Requesting or Contributing Plugins

Check ./plugins/ first. If a plugin doesn't exist:

  • Request it: Open an issue with scope, target ports, protocols, and example banners
  • Build it: Follow the plugin interface above, include tests, and update this README

Commonly requested plugins: RDP, VNC, SMTP/POP3/IMAP, MySQL/PostgreSQL/MSSQL/MongoDB/Redis, LDAP, RabbitMQ/Kafka/MQTT, SIP, NTP, Modbus/S7/DNP3/BACnet, WordPress/Jenkins/GitLab detectors.


Architecture

For the full technical architecture, see ARCHITECTURE.md.

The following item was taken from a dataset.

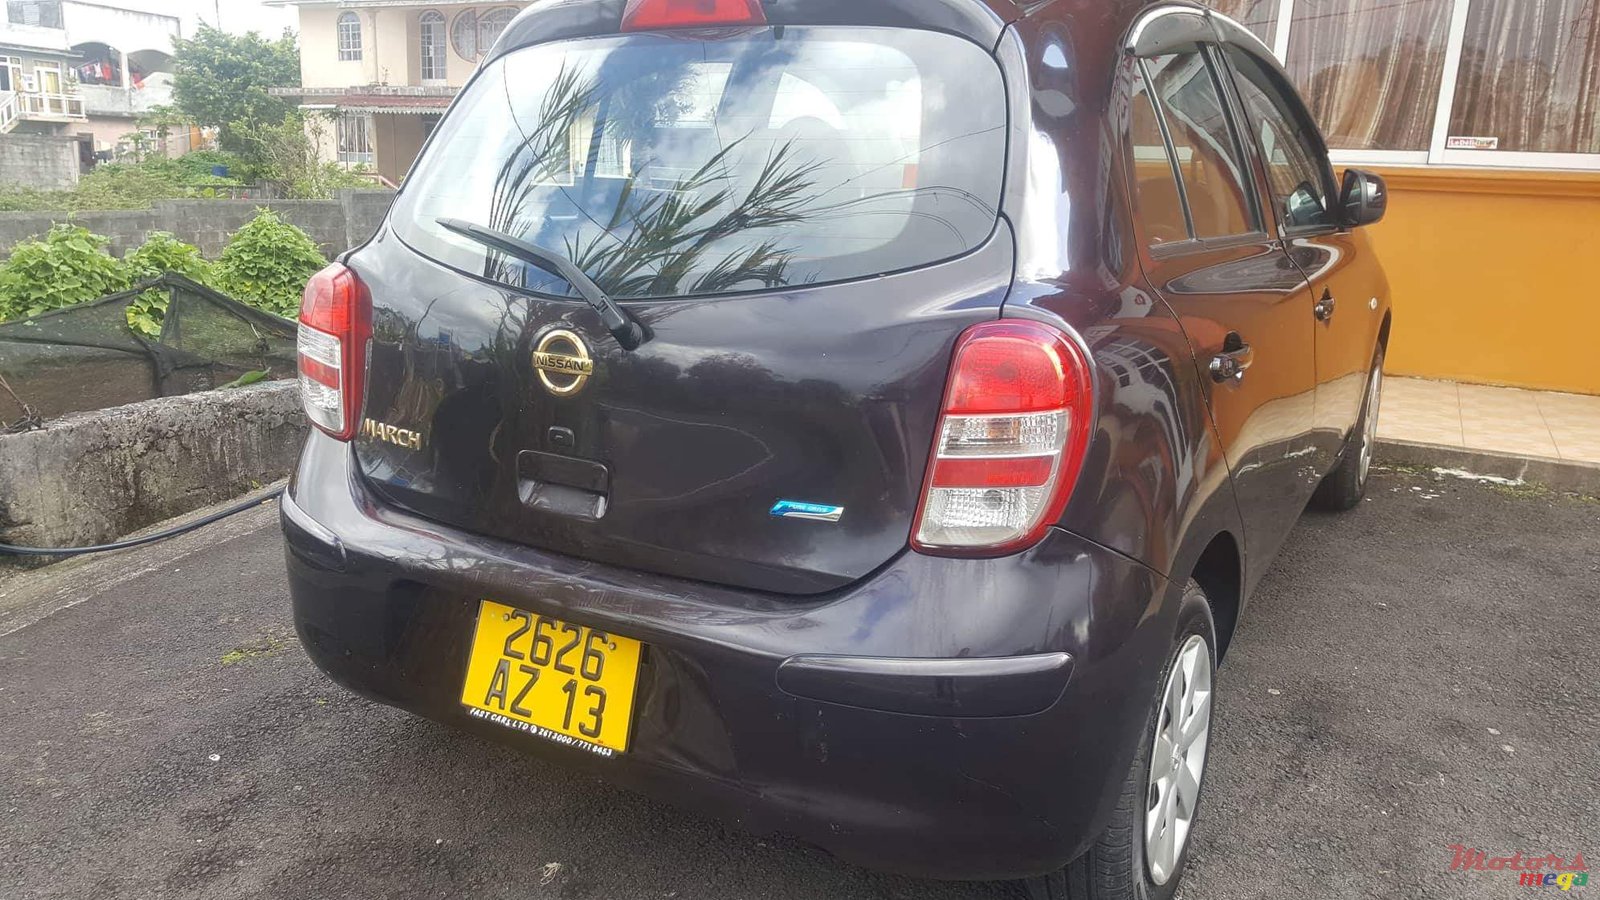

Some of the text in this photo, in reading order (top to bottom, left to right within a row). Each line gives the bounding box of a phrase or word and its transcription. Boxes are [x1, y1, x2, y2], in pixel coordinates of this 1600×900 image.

Tech stack: Node.js 20+ · ES Modules (.mjs) · OpenAI + Anthropic SDKs · Node.js built-in test runner · MCP stdio transport

Design patterns: Factory (PluginManager.create) · Strategy (orchestrated/legacy execution) · Context (shared state) · Adapter (plugin conclude()) · Guard Clause (requirement gating) · Capability gating (CE/Pro/EE) · Semaphore (concurrency control) · Delta (scan history diff) · Boundary Guard (SSRF/injection protection) · Finding Queue (structured intermediate format) · Parallel Agents (concurrent specialized analysis) · Verification Probes (safe non-destructive confirmation)


Privacy & Security

NSAuditor AI is built on a Zero Data Exfiltration (ZDE) architecture:

  • No telemetry. No analytics. No usage tracking. No phone-home.
  • No data processing. Nsasoft US LLC never sees, stores, or processes your scan results.
  • AI is opt-in. External AI calls use your own API keys. Redaction runs locally first.
  • License validation is offline. JWT signature verified locally with an embedded public key.
  • Fully air-gappable. Every feature works without internet access (Enterprise includes offline NVD feeds).

Nsasoft US LLC is not a data processor, data controller, or business associate under any data protection regulation. You own and control all data produced by NSAuditor AI.


License

MIT — see LICENSE for the full text.

© 2024-present Nsasoft US LLC. "NSAuditor" and "NSAuditor AI" are trademarks of Nsasoft US LLC.

The Pro and Enterprise features available via @nsasoft/nsauditor-ai-ee are licensed under a separate proprietary license. See www.nsauditor.com/ai/pricing for details.